Painting by John Everett Millais

Thomas Combe is a portrait painting by the English artist John Everett Millais of the Oxford publisher, Thomas Combe, painted in 1850. Combe is seated on a wooden chair, with a tabby cat in his lap.

==The painting==
Thomas Combe (1796–1872) was 'Printer to the University' at Oxford University Press, Oxford. He met Millais and fellow painter Charles Allston Collins by chance in 1850 when they were painting at Botley Woods. He was interested in their work and invited them back to his home for lunch, but Millais and Collins declined the offer as they were too busy painting. Once Combe arrived home he sent over a hamper of food for them instead, thus beginning their relationship. Combe and his wife Martha (1806–1893) were patrons of the arts and held regular salons at their home in Printer's House on Walton Street, Oxford, and by the end of September 1850 both Millais and Collins had moved into the Combes' home. It was here that Millais painted the portrait of Thomas Combe, while Collins finished working on the garden background of his painting Convent Thoughts.

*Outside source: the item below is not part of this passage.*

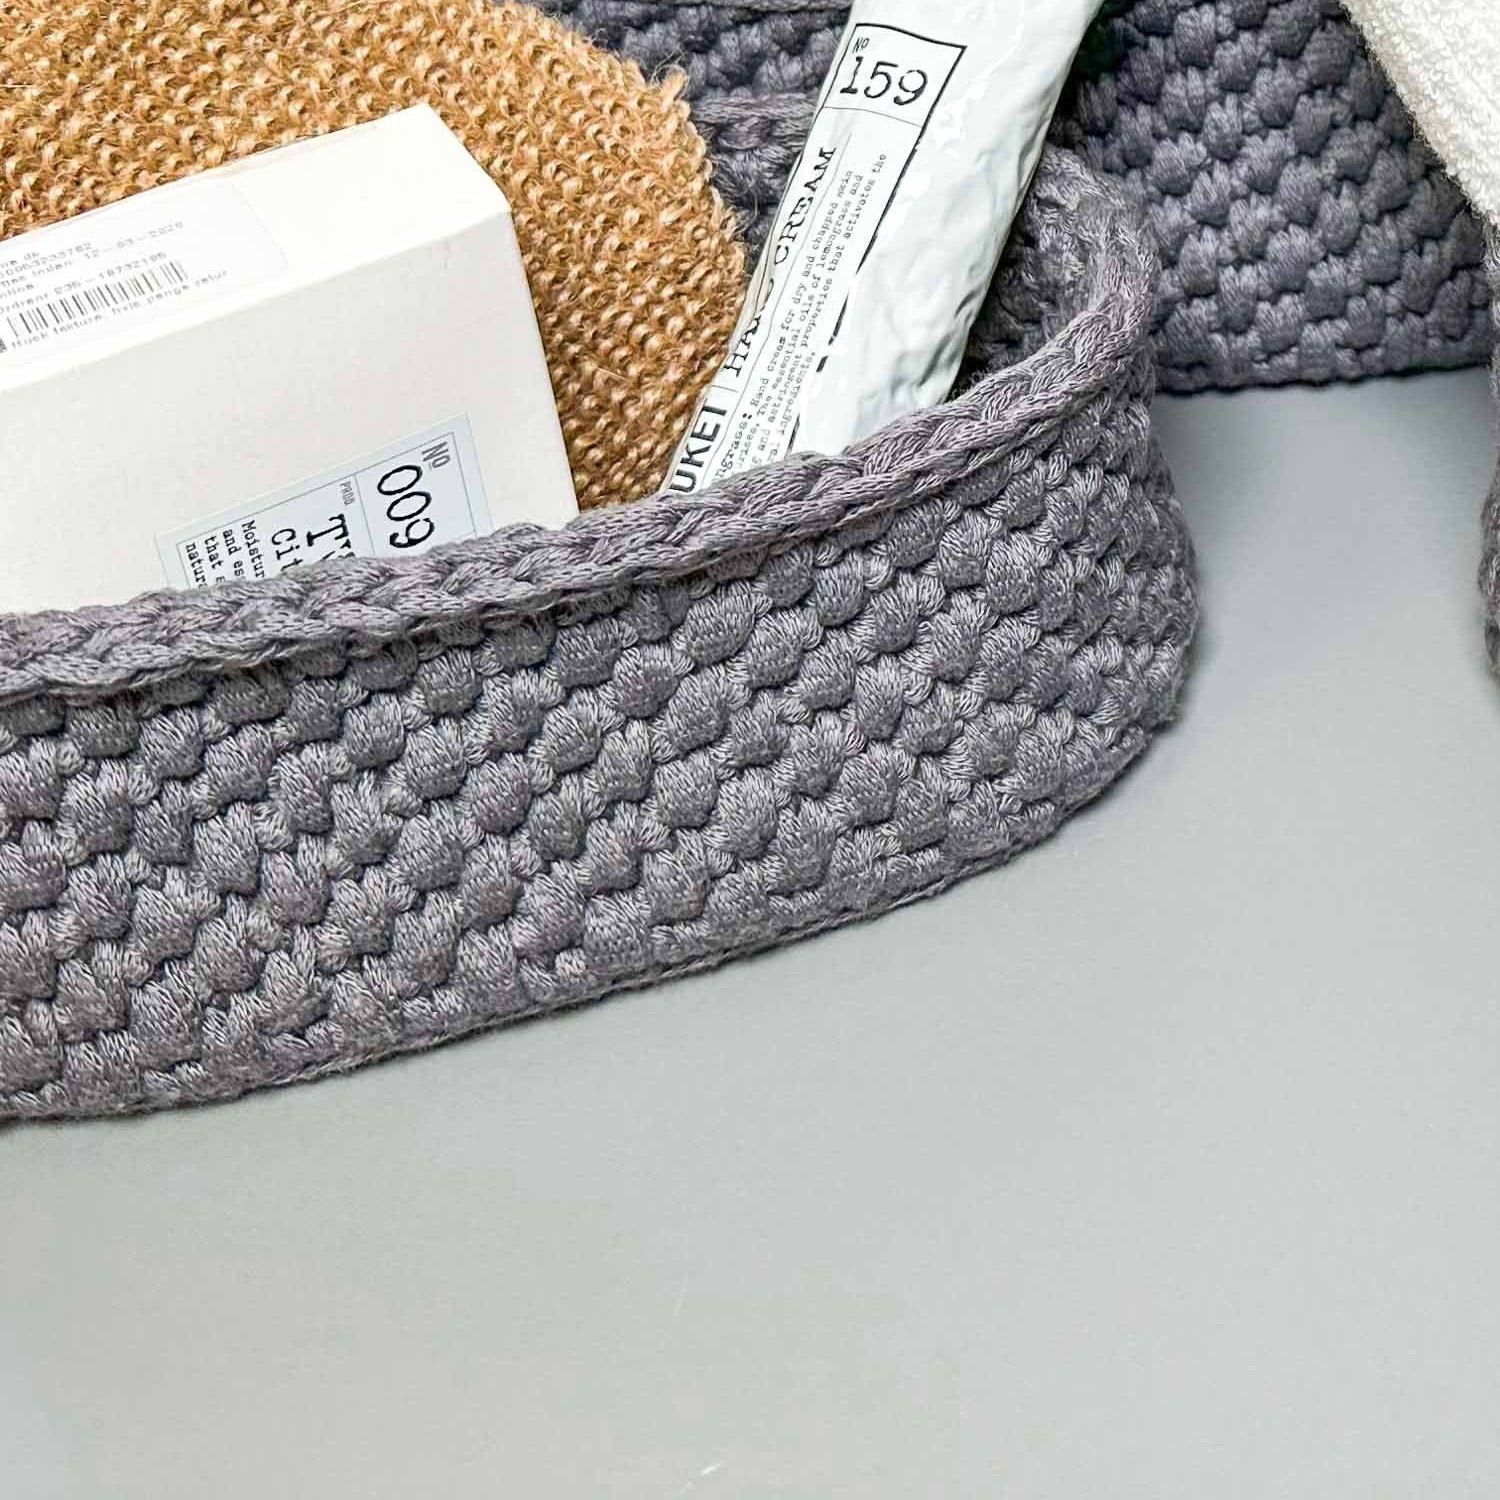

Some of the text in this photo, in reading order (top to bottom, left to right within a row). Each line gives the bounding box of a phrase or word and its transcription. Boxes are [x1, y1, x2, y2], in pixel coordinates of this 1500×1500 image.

Millais painted the portrait in eight hours, split into four two-hour sittings. The coat-of-arms is nothing to do with Thomas Combe; rather it is that of Shakespeare's friend, John Combe, granted to him in 1584. Thomas Combe died in 1872, and his widow Martha died in 1893. She bequeathed the painting, together with many other works in their collection of Pre-Raphaelite art, to the Ashmolean Museum in Oxford.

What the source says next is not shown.